C.K. Volnek. Ghost Dog of Roanoke Island. United States: Spark Books, 2011.

ghostdogofroanokeIt feels like fate when Jack Dahlgren’s family inherits his great-aunt Ruth’s home on Roanoke Island in North Carolina. His dad has lost his job, and all the family’s savings are gone. But twelve-year-old Jack doesn’t want to live on Roanoke Island, especially in a house that the kids at school say is haunted. He also feels responsible for his little sister’s accidental fall off of a nearby sea cliff, which put her in a hospital in Raleigh.
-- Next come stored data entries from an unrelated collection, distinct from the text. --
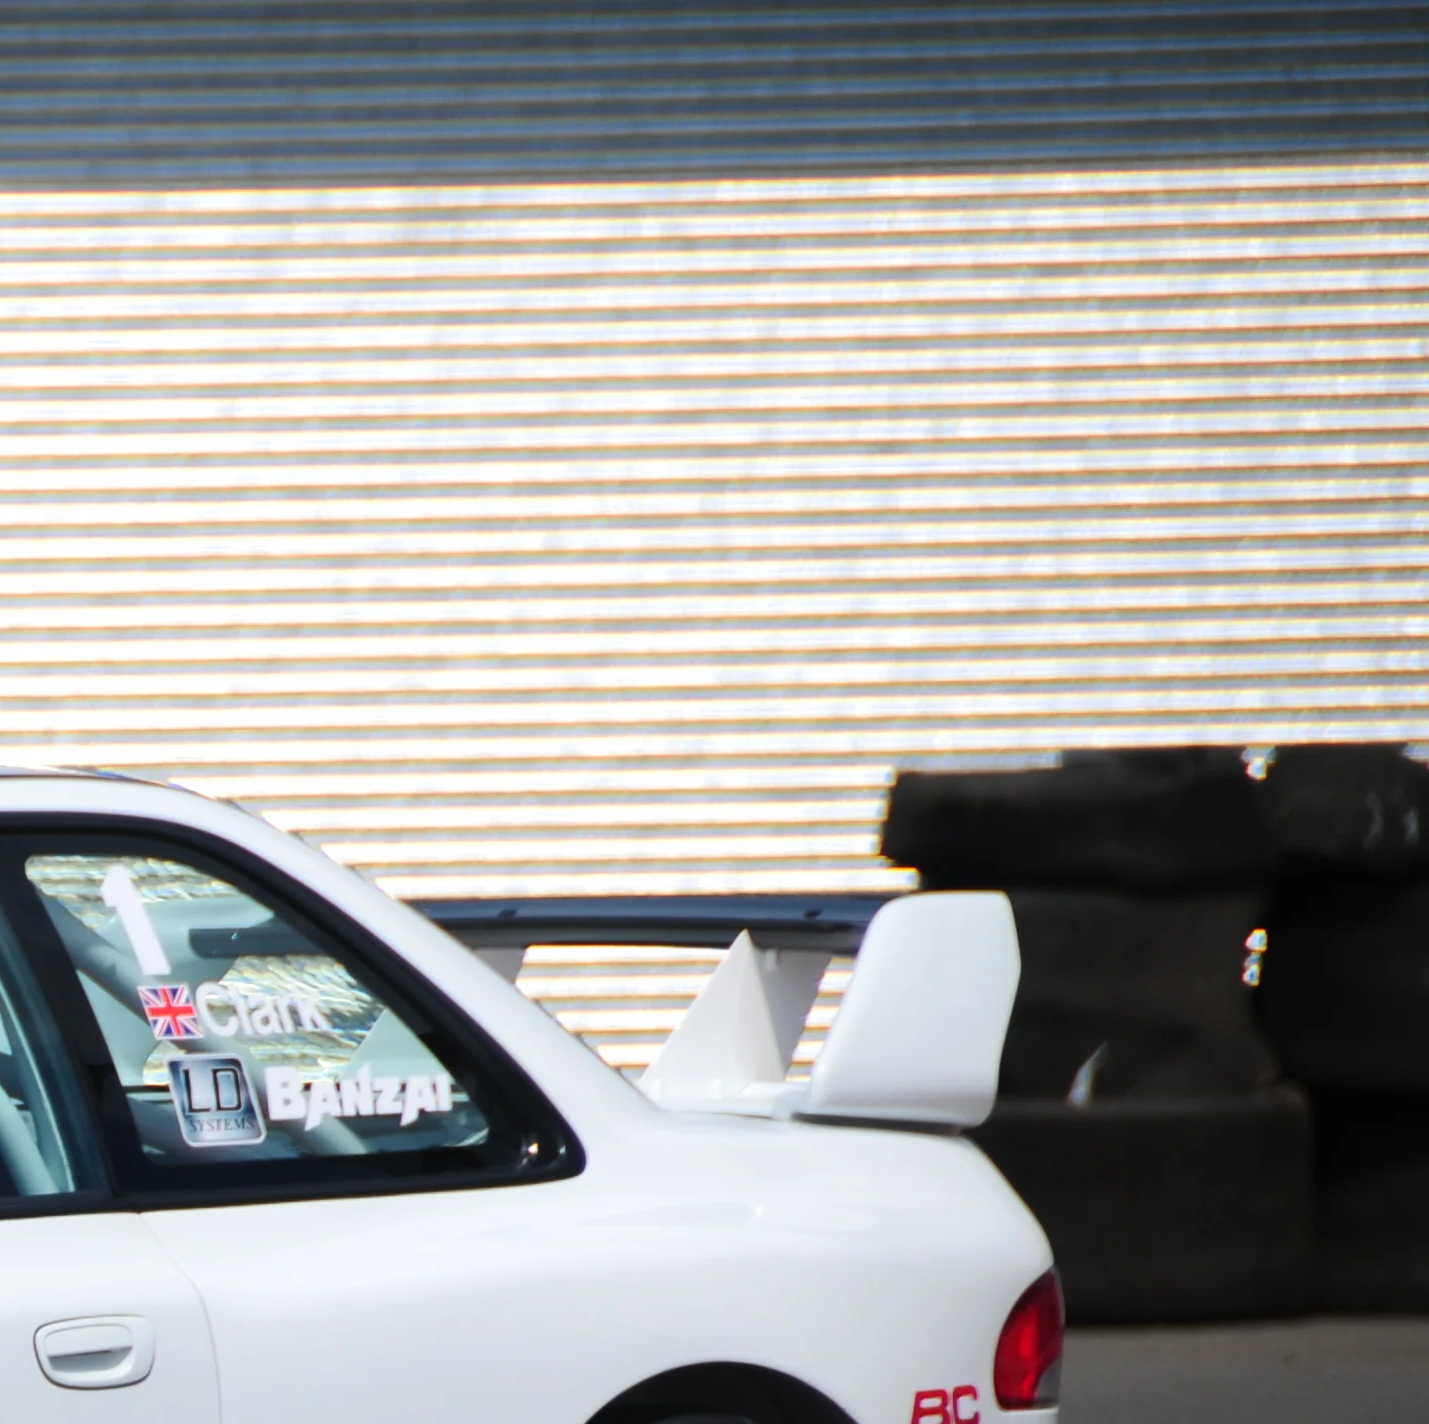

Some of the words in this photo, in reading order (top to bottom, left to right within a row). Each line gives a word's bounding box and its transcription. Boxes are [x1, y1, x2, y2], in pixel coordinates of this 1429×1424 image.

[99, 866, 172, 975] 1
[195, 981, 331, 1037] Clark
[183, 1067, 244, 1113] LD
[189, 1117, 256, 1133] SYSTEMS
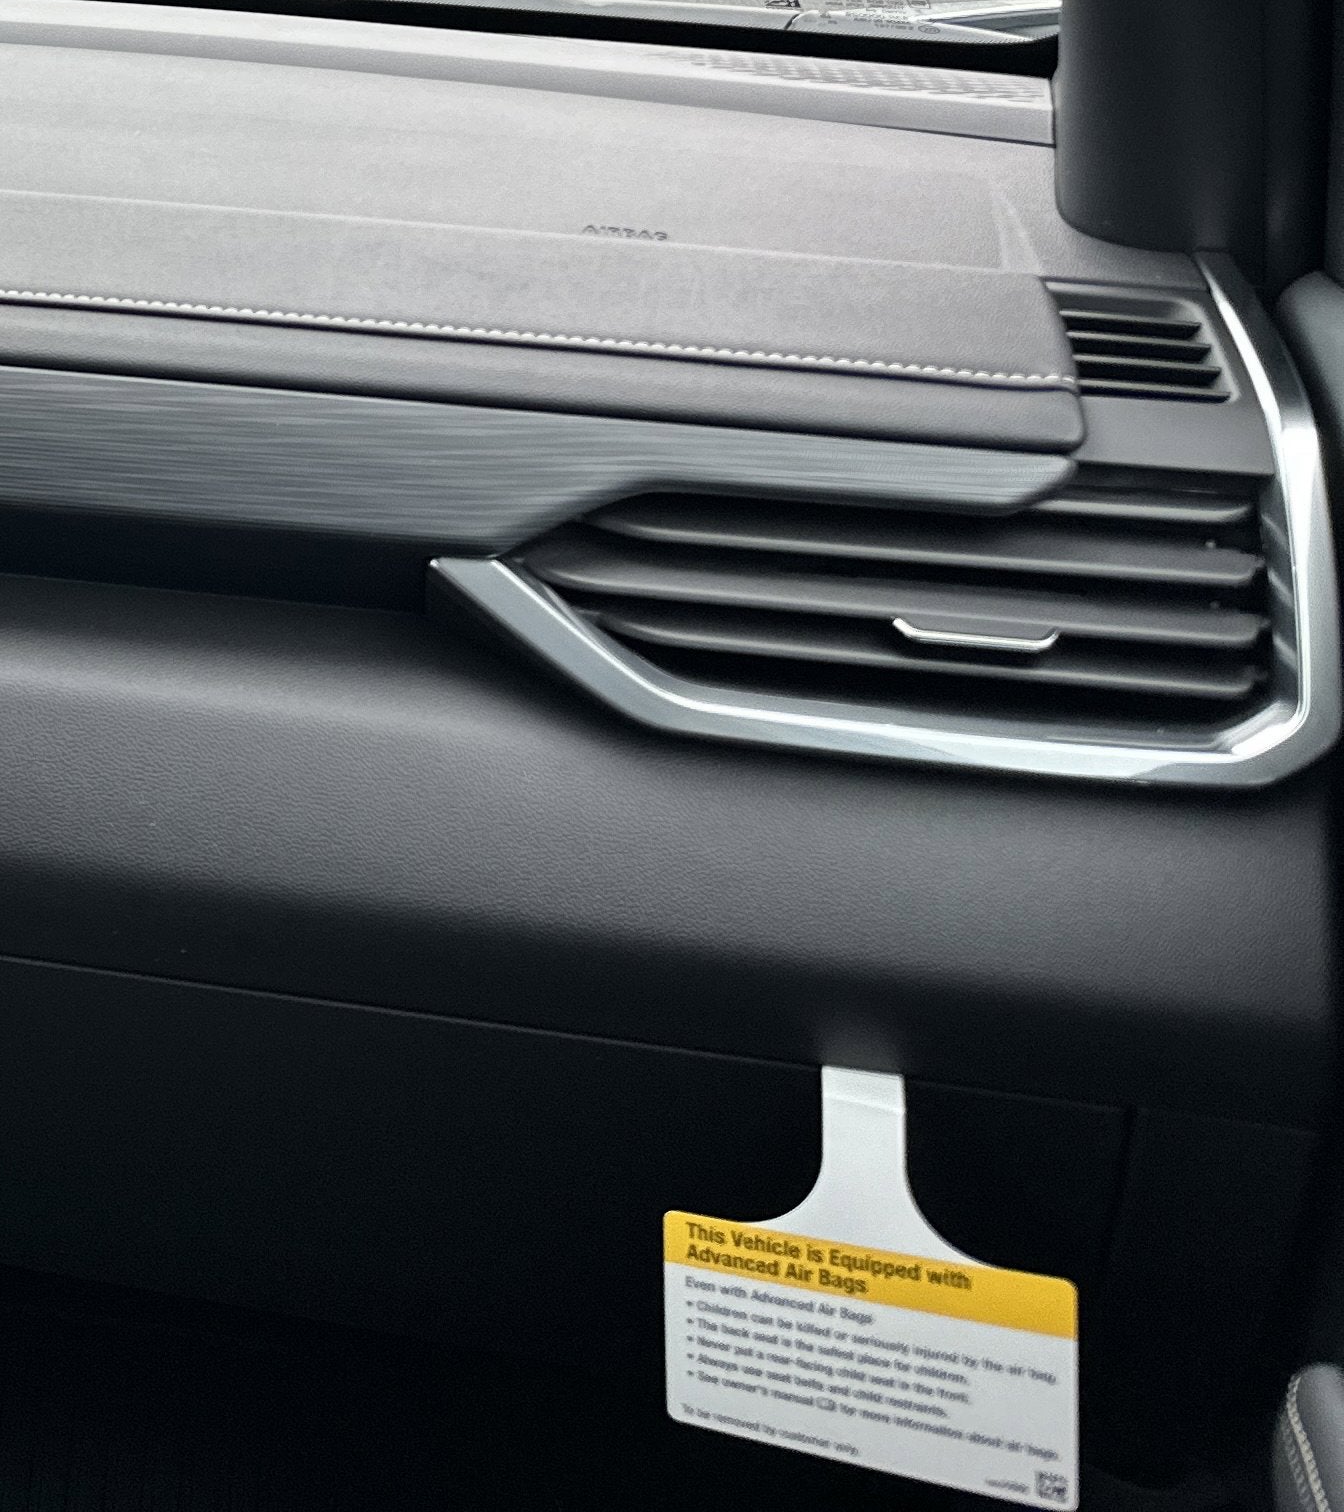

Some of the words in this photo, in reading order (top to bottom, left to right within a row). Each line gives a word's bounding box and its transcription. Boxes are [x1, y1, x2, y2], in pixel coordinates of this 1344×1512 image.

[686, 1221, 726, 1245] This
[730, 1230, 800, 1259] Vehicle
[806, 1244, 823, 1263] is
[828, 1248, 921, 1281] Equipped
[926, 1269, 972, 1289] with
[687, 1244, 780, 1276] Advanced
[785, 1262, 814, 1282] Air
[819, 1268, 869, 1294] Bags
[685, 1276, 716, 1291] Even
[720, 1285, 747, 1298] with
[751, 1290, 814, 1312] Advanced
[818, 1302, 837, 1316] Air
[696, 1300, 747, 1319] Children
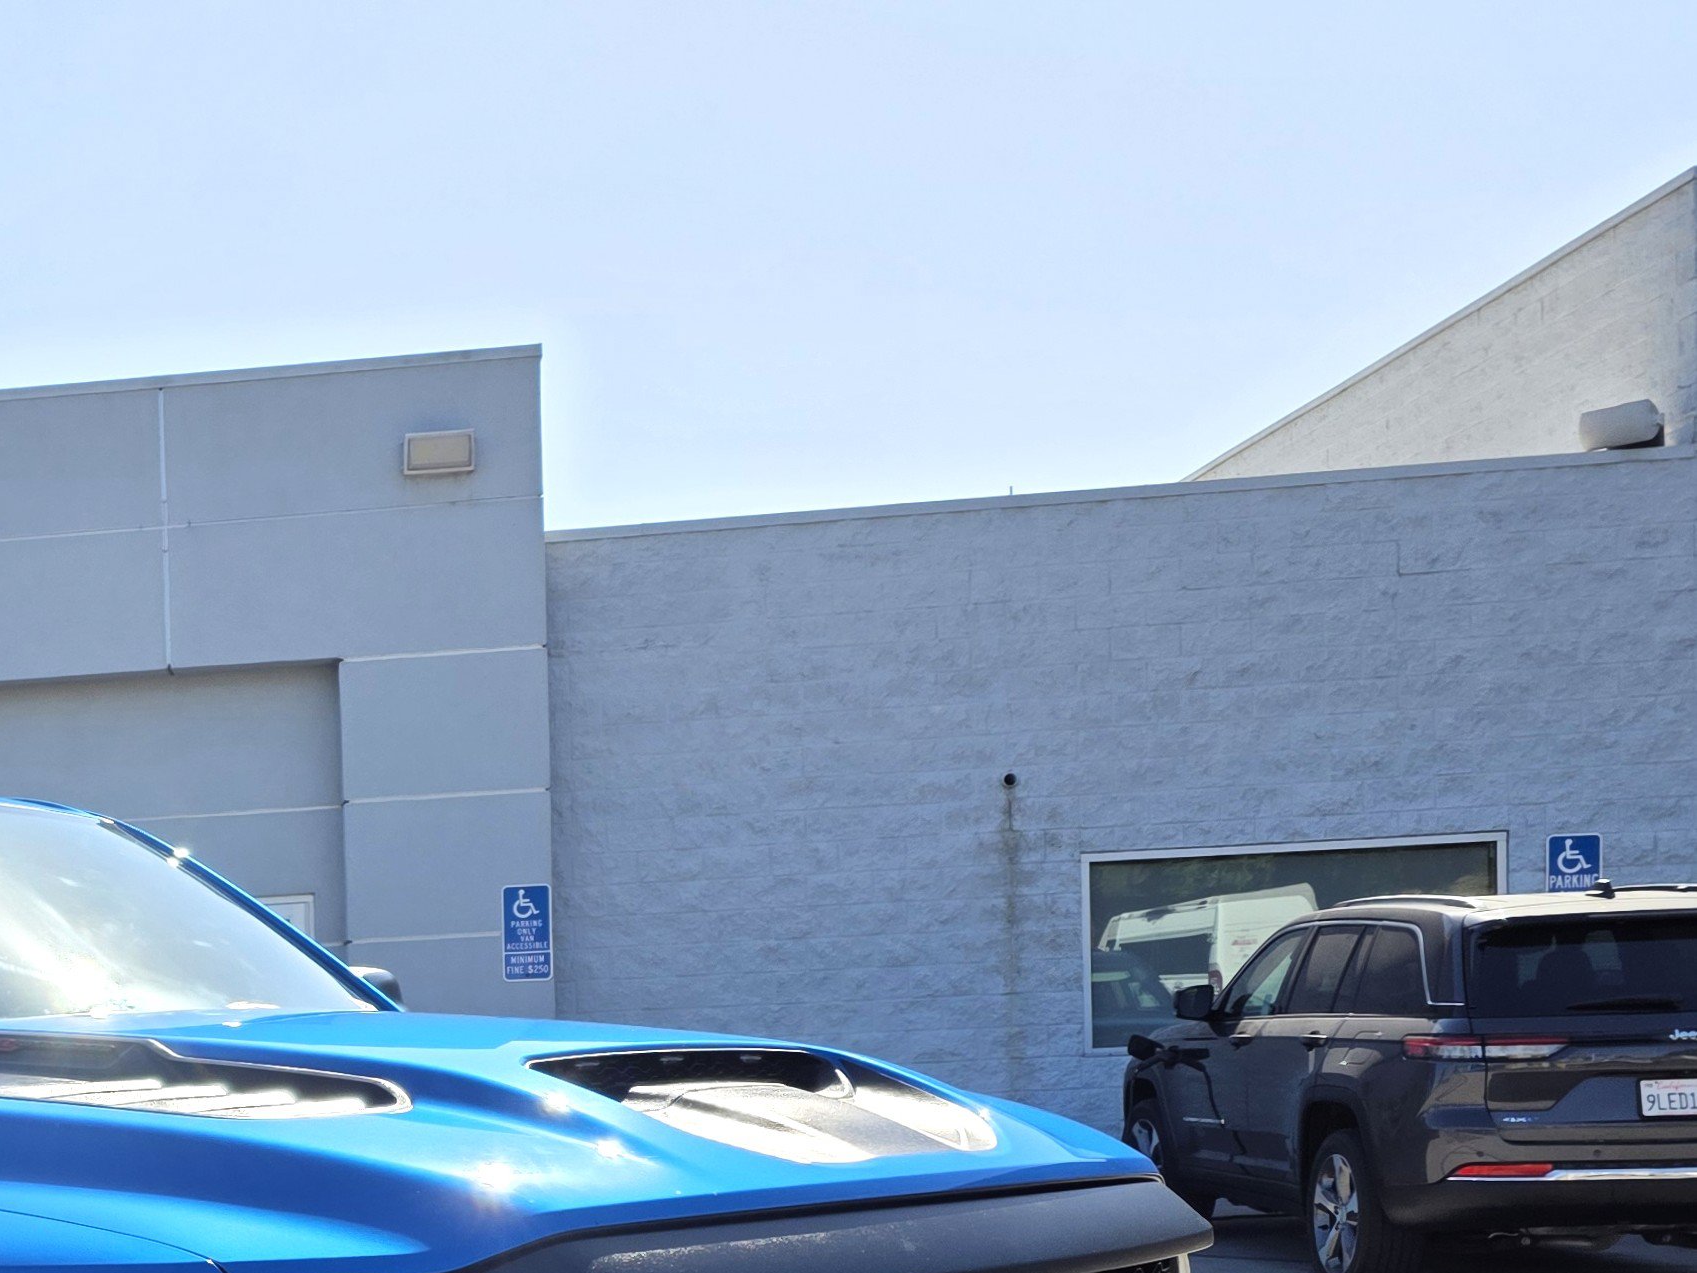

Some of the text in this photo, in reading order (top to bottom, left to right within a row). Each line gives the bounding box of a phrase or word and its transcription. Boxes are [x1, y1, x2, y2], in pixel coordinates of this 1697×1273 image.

[1549, 873, 1599, 889] PARKING
[510, 920, 543, 928] PARKING
[517, 928, 537, 936] ONLY
[506, 941, 548, 950] ACCESSIBLE
[510, 955, 545, 964] MINIMUM
[506, 966, 524, 974] FINE
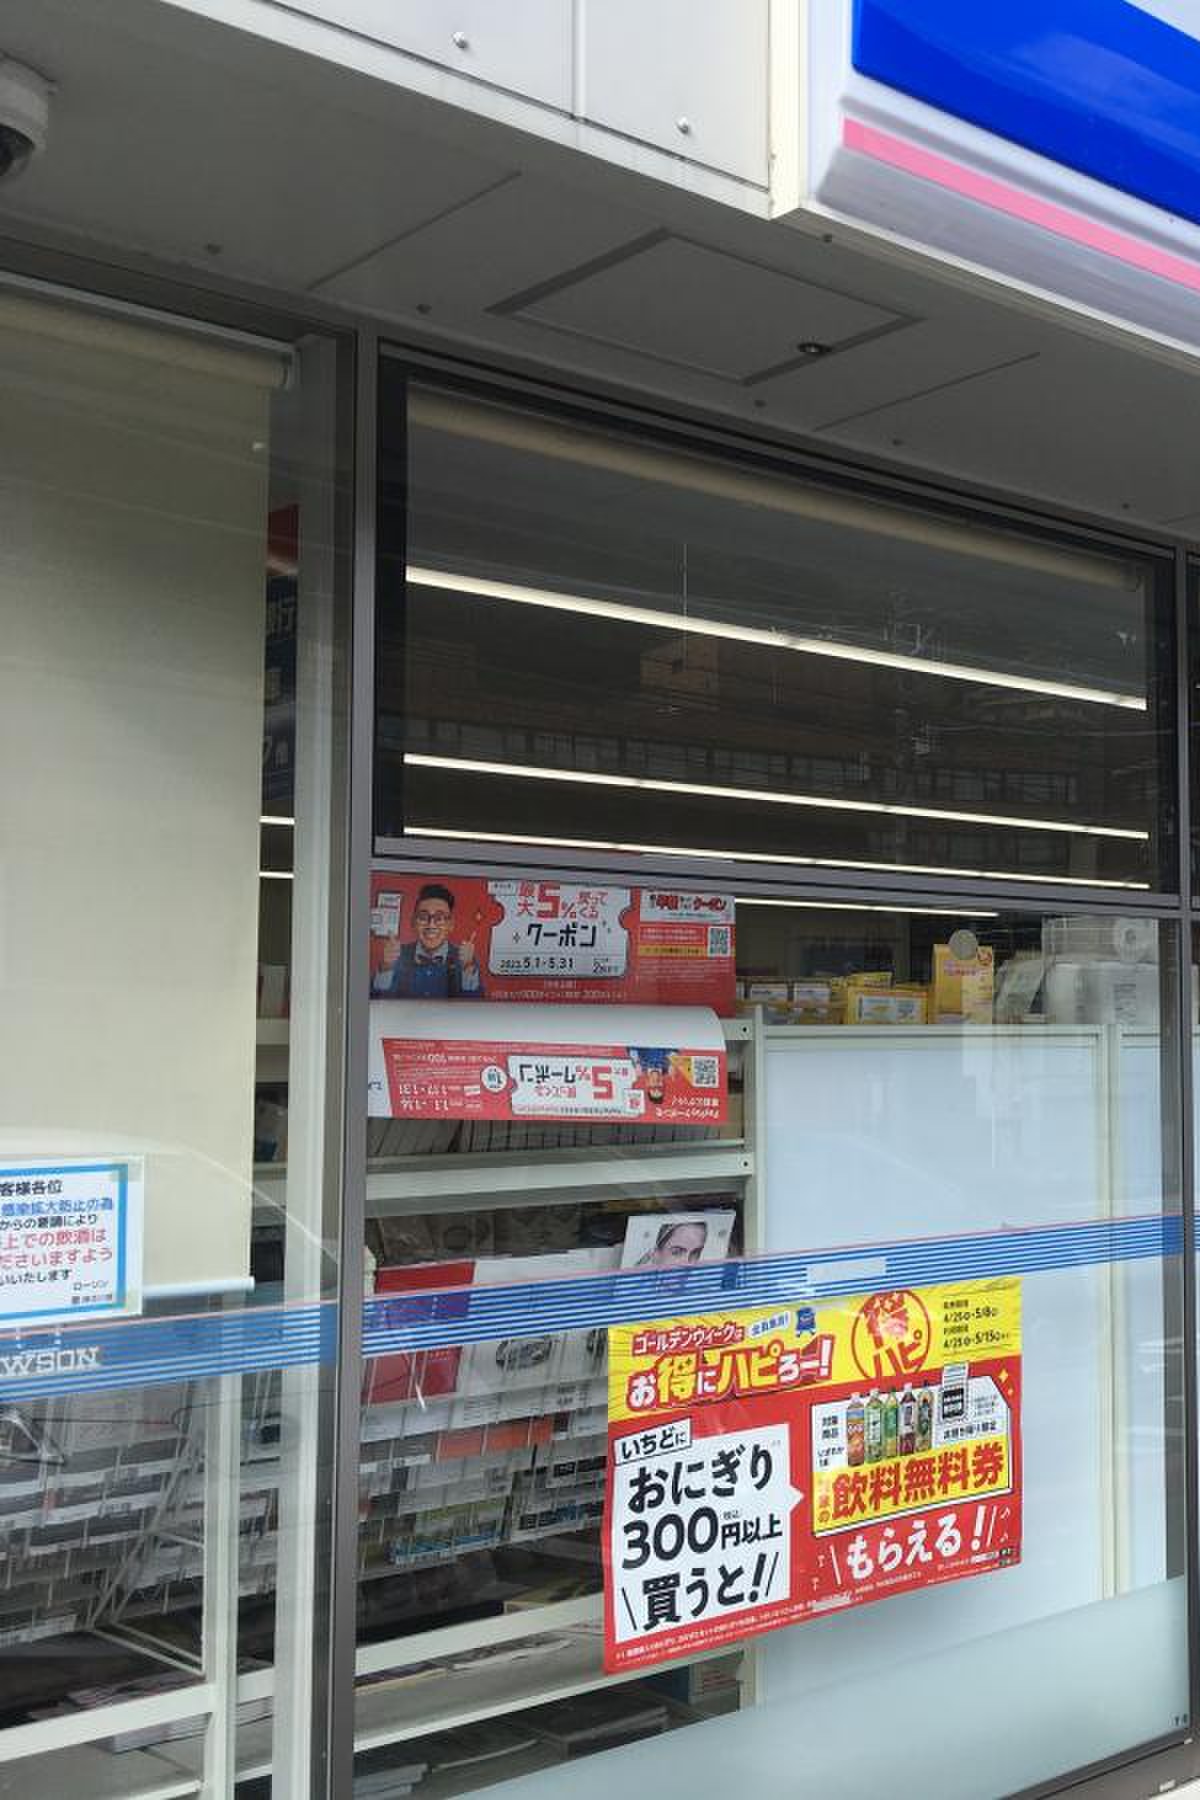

On top of everything, a hurricane is bearing down on the Outer Banks, howling like a monster.

…Or is it a hurricane? There’s definitely some stormy weather, but there’s also something dark and scary living in the woods near the Dahlgrens’ new house. When Jack investigates, he finds a mysterious, vanishing mastiff, and something much wilder. Later, Jack meets and befriends their Algonquin neighbor, Manny Braboy, who explains it all– the evil living in Jack’s woods is a Witiku: a demon summoned by the natives of Roanoke Island in the sixteenth century to rid the island of all invaders. Incredibly, Manny tells Jack that he, Jack, must be the one to defeat the Witiku. The twelve-year old is skeptical, but when Manny takes him back to the sixteenth century to observe the events of the Lost Colony unfold, he begins to believe. Will Jack defeat the Wikitu? Will Roanoke Island finally be at peace? Will Jack ever be happy in his new home?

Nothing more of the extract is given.